Supplied information>

■ ■ ■ ■

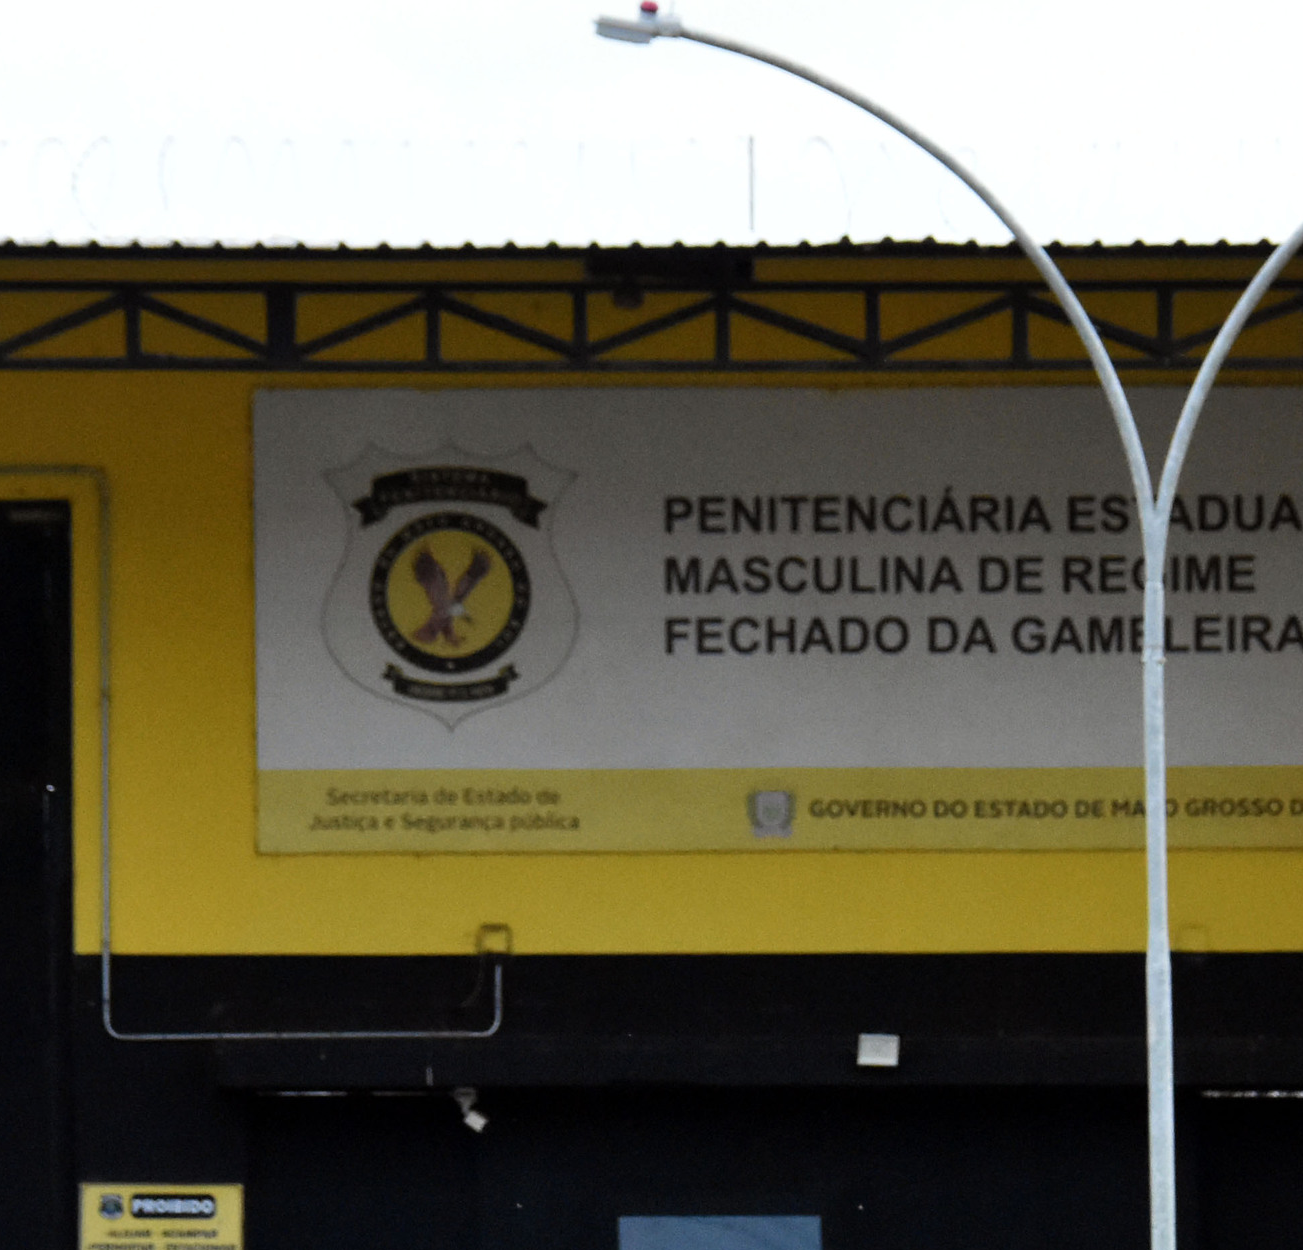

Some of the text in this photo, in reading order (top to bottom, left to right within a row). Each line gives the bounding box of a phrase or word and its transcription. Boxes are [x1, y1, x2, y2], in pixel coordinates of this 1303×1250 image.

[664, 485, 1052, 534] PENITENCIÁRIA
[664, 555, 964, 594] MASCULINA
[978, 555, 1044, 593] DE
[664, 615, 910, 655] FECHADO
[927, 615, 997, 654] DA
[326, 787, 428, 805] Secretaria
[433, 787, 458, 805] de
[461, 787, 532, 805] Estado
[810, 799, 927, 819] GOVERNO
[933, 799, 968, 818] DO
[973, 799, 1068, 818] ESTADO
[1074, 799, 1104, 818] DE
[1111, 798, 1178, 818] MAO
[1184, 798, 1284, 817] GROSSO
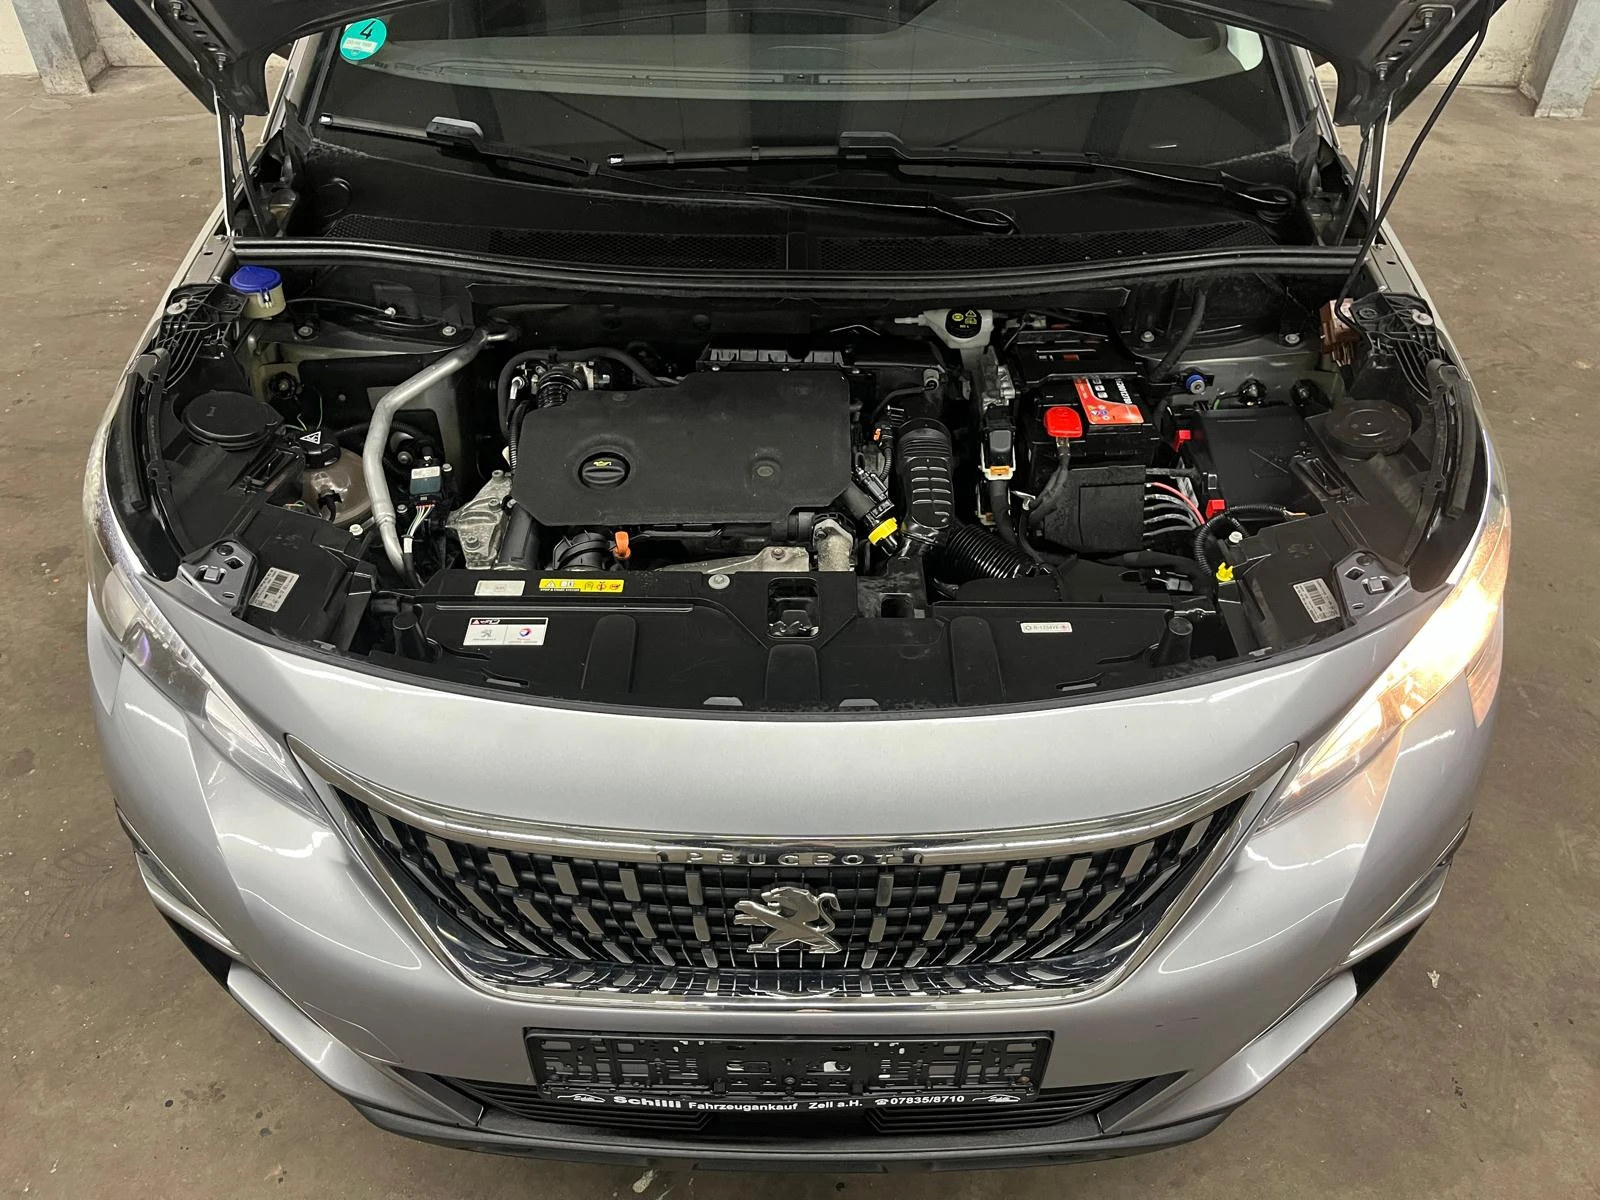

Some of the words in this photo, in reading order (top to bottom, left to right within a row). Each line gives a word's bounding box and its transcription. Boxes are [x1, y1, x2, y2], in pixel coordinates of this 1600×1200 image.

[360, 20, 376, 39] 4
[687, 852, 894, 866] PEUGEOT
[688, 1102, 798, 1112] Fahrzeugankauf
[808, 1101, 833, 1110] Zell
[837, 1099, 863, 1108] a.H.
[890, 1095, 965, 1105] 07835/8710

■ ■ ■ ■

Task requirements>
Write out again, exactly, the line containing "Some of the words" and every later line of the records. Omit the rest.

Result of this task>
Some of the words in this photo, in reading order (top to bottom, left to right within a row). Each line gives a word's bounding box and its transcription. Boxes are [x1, y1, x2, y2], in pixel coordinates of this 1600×1200 image.

[360, 20, 376, 39] 4
[687, 852, 894, 866] PEUGEOT
[688, 1102, 798, 1112] Fahrzeugankauf
[808, 1101, 833, 1110] Zell
[837, 1099, 863, 1108] a.H.
[890, 1095, 965, 1105] 07835/8710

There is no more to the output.